## [EXERCISE INPUTS]
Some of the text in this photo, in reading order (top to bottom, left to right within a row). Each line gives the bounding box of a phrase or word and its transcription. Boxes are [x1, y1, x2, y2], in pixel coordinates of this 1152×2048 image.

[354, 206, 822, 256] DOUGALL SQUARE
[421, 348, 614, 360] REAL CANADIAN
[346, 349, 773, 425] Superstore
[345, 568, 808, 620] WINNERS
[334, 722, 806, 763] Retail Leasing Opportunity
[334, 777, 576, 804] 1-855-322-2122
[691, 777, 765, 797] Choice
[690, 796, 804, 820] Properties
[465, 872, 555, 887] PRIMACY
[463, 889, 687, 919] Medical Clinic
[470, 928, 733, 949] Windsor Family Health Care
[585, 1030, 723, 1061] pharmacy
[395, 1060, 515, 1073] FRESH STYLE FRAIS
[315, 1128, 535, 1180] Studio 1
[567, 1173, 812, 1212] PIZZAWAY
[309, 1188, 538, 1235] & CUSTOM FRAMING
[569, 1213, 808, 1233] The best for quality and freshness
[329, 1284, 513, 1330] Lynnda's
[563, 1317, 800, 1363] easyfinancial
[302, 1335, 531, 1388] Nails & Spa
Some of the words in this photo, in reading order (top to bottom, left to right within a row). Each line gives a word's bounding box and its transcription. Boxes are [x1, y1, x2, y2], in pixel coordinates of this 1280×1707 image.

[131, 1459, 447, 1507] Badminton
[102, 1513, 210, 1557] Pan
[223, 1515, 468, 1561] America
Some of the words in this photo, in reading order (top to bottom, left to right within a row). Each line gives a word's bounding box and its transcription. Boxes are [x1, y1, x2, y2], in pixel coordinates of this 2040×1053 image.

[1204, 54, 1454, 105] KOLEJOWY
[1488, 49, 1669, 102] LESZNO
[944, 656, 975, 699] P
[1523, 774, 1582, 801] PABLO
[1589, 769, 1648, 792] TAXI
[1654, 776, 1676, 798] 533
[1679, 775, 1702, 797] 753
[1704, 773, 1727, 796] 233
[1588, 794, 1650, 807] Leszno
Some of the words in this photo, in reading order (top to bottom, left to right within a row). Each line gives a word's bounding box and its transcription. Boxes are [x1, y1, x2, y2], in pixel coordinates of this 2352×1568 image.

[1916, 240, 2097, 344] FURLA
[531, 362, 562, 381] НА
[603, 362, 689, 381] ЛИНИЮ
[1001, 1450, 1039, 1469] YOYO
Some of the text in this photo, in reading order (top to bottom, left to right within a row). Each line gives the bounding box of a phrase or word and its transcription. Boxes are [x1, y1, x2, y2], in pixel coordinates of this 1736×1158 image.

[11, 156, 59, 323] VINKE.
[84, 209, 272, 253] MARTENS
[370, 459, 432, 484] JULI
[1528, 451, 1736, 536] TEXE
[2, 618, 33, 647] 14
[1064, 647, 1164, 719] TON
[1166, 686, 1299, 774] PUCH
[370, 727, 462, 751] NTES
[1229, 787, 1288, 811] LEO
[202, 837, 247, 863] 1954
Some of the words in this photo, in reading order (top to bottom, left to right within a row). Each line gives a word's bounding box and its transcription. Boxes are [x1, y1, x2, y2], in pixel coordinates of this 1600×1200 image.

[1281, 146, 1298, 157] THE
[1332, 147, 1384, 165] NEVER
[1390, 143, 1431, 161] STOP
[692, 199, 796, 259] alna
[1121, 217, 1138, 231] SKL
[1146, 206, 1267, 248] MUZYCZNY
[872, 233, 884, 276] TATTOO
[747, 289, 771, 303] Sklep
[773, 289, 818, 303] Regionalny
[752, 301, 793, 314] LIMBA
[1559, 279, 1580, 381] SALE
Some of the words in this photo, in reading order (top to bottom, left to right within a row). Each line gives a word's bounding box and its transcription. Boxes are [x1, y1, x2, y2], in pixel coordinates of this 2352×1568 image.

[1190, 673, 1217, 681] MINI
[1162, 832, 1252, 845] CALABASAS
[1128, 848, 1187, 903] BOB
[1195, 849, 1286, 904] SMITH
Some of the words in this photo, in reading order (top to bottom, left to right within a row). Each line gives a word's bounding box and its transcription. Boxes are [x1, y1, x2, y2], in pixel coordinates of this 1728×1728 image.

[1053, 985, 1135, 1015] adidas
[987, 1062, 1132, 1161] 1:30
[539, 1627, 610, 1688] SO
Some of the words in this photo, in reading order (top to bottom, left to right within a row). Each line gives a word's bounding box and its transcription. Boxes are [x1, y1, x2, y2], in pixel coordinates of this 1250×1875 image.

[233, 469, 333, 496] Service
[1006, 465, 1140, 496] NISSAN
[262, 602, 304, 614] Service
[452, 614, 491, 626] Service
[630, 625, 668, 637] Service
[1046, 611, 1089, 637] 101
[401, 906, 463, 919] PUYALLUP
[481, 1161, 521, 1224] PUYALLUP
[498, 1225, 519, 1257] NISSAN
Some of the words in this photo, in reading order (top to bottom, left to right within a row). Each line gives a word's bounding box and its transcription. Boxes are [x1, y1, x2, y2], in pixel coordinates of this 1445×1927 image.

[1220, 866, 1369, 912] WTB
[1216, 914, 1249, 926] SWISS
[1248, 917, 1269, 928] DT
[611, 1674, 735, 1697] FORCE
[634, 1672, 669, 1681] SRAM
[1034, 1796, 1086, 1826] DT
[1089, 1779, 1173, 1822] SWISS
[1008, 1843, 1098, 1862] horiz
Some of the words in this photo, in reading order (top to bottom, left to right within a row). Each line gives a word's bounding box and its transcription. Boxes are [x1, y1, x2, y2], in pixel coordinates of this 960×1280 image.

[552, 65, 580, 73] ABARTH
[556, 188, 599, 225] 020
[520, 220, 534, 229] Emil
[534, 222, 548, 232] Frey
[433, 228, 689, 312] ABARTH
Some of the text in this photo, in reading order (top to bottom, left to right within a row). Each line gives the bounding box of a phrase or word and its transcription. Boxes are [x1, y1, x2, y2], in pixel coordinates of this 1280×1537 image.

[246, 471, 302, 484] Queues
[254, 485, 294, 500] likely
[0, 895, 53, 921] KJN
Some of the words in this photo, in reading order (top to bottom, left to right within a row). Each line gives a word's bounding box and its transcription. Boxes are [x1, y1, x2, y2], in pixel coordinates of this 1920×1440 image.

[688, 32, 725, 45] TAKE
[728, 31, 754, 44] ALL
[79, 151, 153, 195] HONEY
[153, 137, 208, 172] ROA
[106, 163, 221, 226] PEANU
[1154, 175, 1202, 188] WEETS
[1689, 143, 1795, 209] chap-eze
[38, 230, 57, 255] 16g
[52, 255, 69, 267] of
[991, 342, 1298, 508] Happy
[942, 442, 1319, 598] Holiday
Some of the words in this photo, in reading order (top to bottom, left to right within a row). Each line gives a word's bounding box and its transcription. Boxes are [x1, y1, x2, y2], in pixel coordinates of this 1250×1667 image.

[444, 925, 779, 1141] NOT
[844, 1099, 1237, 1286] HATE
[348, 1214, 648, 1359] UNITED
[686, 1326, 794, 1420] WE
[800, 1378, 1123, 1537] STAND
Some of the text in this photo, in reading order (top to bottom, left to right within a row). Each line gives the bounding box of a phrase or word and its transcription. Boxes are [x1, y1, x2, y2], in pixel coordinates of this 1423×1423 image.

## [EXERCISE GOAL]
From the listing above, extract all records word for word.

## [ANSWER FOR THE TASK]
Some of the text in this photo, in reading order (top to bottom, left to right within a row). Each line gives the bounding box of a phrase or word and its transcription. Boxes are [x1, y1, x2, y2], in pixel coordinates of this 1152×2048 image.

[354, 206, 822, 256] DOUGALL SQUARE
[421, 348, 614, 360] REAL CANADIAN
[346, 349, 773, 425] Superstore
[345, 568, 808, 620] WINNERS
[334, 722, 806, 763] Retail Leasing Opportunity
[334, 777, 576, 804] 1-855-322-2122
[691, 777, 765, 797] Choice
[690, 796, 804, 820] Properties
[465, 872, 555, 887] PRIMACY
[463, 889, 687, 919] Medical Clinic
[470, 928, 733, 949] Windsor Family Health Care
[585, 1030, 723, 1061] pharmacy
[395, 1060, 515, 1073] FRESH STYLE FRAIS
[315, 1128, 535, 1180] Studio 1
[567, 1173, 812, 1212] PIZZAWAY
[309, 1188, 538, 1235] & CUSTOM FRAMING
[569, 1213, 808, 1233] The best for quality and freshness
[329, 1284, 513, 1330] Lynnda's
[563, 1317, 800, 1363] easyfinancial
[302, 1335, 531, 1388] Nails & Spa
Some of the words in this photo, in reading order (top to bottom, left to right within a row). Each line gives a word's bounding box and its transcription. Boxes are [x1, y1, x2, y2], in pixel coordinates of this 1280×1707 image.

[131, 1459, 447, 1507] Badminton
[102, 1513, 210, 1557] Pan
[223, 1515, 468, 1561] America
Some of the words in this photo, in reading order (top to bottom, left to right within a row). Each line gives a word's bounding box and its transcription. Boxes are [x1, y1, x2, y2], in pixel coordinates of this 2040×1053 image.

[1204, 54, 1454, 105] KOLEJOWY
[1488, 49, 1669, 102] LESZNO
[944, 656, 975, 699] P
[1523, 774, 1582, 801] PABLO
[1589, 769, 1648, 792] TAXI
[1654, 776, 1676, 798] 533
[1679, 775, 1702, 797] 753
[1704, 773, 1727, 796] 233
[1588, 794, 1650, 807] Leszno
Some of the words in this photo, in reading order (top to bottom, left to right within a row). Each line gives a word's bounding box and its transcription. Boxes are [x1, y1, x2, y2], in pixel coordinates of this 2352×1568 image.

[1916, 240, 2097, 344] FURLA
[531, 362, 562, 381] НА
[603, 362, 689, 381] ЛИНИЮ
[1001, 1450, 1039, 1469] YOYO
Some of the text in this photo, in reading order (top to bottom, left to right within a row). Each line gives the bounding box of a phrase or word and its transcription. Boxes are [x1, y1, x2, y2], in pixel coordinates of this 1736×1158 image.

[11, 156, 59, 323] VINKE.
[84, 209, 272, 253] MARTENS
[370, 459, 432, 484] JULI
[1528, 451, 1736, 536] TEXE
[2, 618, 33, 647] 14
[1064, 647, 1164, 719] TON
[1166, 686, 1299, 774] PUCH
[370, 727, 462, 751] NTES
[1229, 787, 1288, 811] LEO
[202, 837, 247, 863] 1954
Some of the words in this photo, in reading order (top to bottom, left to right within a row). Each line gives a word's bounding box and its transcription. Boxes are [x1, y1, x2, y2], in pixel coordinates of this 1600×1200 image.

[1281, 146, 1298, 157] THE
[1332, 147, 1384, 165] NEVER
[1390, 143, 1431, 161] STOP
[692, 199, 796, 259] alna
[1121, 217, 1138, 231] SKL
[1146, 206, 1267, 248] MUZYCZNY
[872, 233, 884, 276] TATTOO
[747, 289, 771, 303] Sklep
[773, 289, 818, 303] Regionalny
[752, 301, 793, 314] LIMBA
[1559, 279, 1580, 381] SALE
Some of the words in this photo, in reading order (top to bottom, left to right within a row). Each line gives a word's bounding box and its transcription. Boxes are [x1, y1, x2, y2], in pixel coordinates of this 2352×1568 image.

[1190, 673, 1217, 681] MINI
[1162, 832, 1252, 845] CALABASAS
[1128, 848, 1187, 903] BOB
[1195, 849, 1286, 904] SMITH
Some of the words in this photo, in reading order (top to bottom, left to right within a row). Each line gives a word's bounding box and its transcription. Boxes are [x1, y1, x2, y2], in pixel coordinates of this 1728×1728 image.

[1053, 985, 1135, 1015] adidas
[987, 1062, 1132, 1161] 1:30
[539, 1627, 610, 1688] SO
Some of the words in this photo, in reading order (top to bottom, left to right within a row). Each line gives a word's bounding box and its transcription. Boxes are [x1, y1, x2, y2], in pixel coordinates of this 1250×1875 image.

[233, 469, 333, 496] Service
[1006, 465, 1140, 496] NISSAN
[262, 602, 304, 614] Service
[452, 614, 491, 626] Service
[630, 625, 668, 637] Service
[1046, 611, 1089, 637] 101
[401, 906, 463, 919] PUYALLUP
[481, 1161, 521, 1224] PUYALLUP
[498, 1225, 519, 1257] NISSAN
Some of the words in this photo, in reading order (top to bottom, left to right within a row). Each line gives a word's bounding box and its transcription. Boxes are [x1, y1, x2, y2], in pixel coordinates of this 1445×1927 image.

[1220, 866, 1369, 912] WTB
[1216, 914, 1249, 926] SWISS
[1248, 917, 1269, 928] DT
[611, 1674, 735, 1697] FORCE
[634, 1672, 669, 1681] SRAM
[1034, 1796, 1086, 1826] DT
[1089, 1779, 1173, 1822] SWISS
[1008, 1843, 1098, 1862] horiz
Some of the words in this photo, in reading order (top to bottom, left to right within a row). Each line gives a word's bounding box and its transcription. Boxes are [x1, y1, x2, y2], in pixel coordinates of this 960×1280 image.

[552, 65, 580, 73] ABARTH
[556, 188, 599, 225] 020
[520, 220, 534, 229] Emil
[534, 222, 548, 232] Frey
[433, 228, 689, 312] ABARTH
Some of the text in this photo, in reading order (top to bottom, left to right within a row). Each line gives the bounding box of a phrase or word and its transcription. Boxes are [x1, y1, x2, y2], in pixel coordinates of this 1280×1537 image.

[246, 471, 302, 484] Queues
[254, 485, 294, 500] likely
[0, 895, 53, 921] KJN
Some of the words in this photo, in reading order (top to bottom, left to right within a row). Each line gives a word's bounding box and its transcription. Boxes are [x1, y1, x2, y2], in pixel coordinates of this 1920×1440 image.

[688, 32, 725, 45] TAKE
[728, 31, 754, 44] ALL
[79, 151, 153, 195] HONEY
[153, 137, 208, 172] ROA
[106, 163, 221, 226] PEANU
[1154, 175, 1202, 188] WEETS
[1689, 143, 1795, 209] chap-eze
[38, 230, 57, 255] 16g
[52, 255, 69, 267] of
[991, 342, 1298, 508] Happy
[942, 442, 1319, 598] Holiday
Some of the words in this photo, in reading order (top to bottom, left to right within a row). Each line gives a word's bounding box and its transcription. Boxes are [x1, y1, x2, y2], in pixel coordinates of this 1250×1667 image.

[444, 925, 779, 1141] NOT
[844, 1099, 1237, 1286] HATE
[348, 1214, 648, 1359] UNITED
[686, 1326, 794, 1420] WE
[800, 1378, 1123, 1537] STAND
Some of the text in this photo, in reading order (top to bottom, left to right within a row). Each line gives the bounding box of a phrase or word and its transcription. Boxes are [x1, y1, x2, y2], in pixel coordinates of this 1423×1423 image.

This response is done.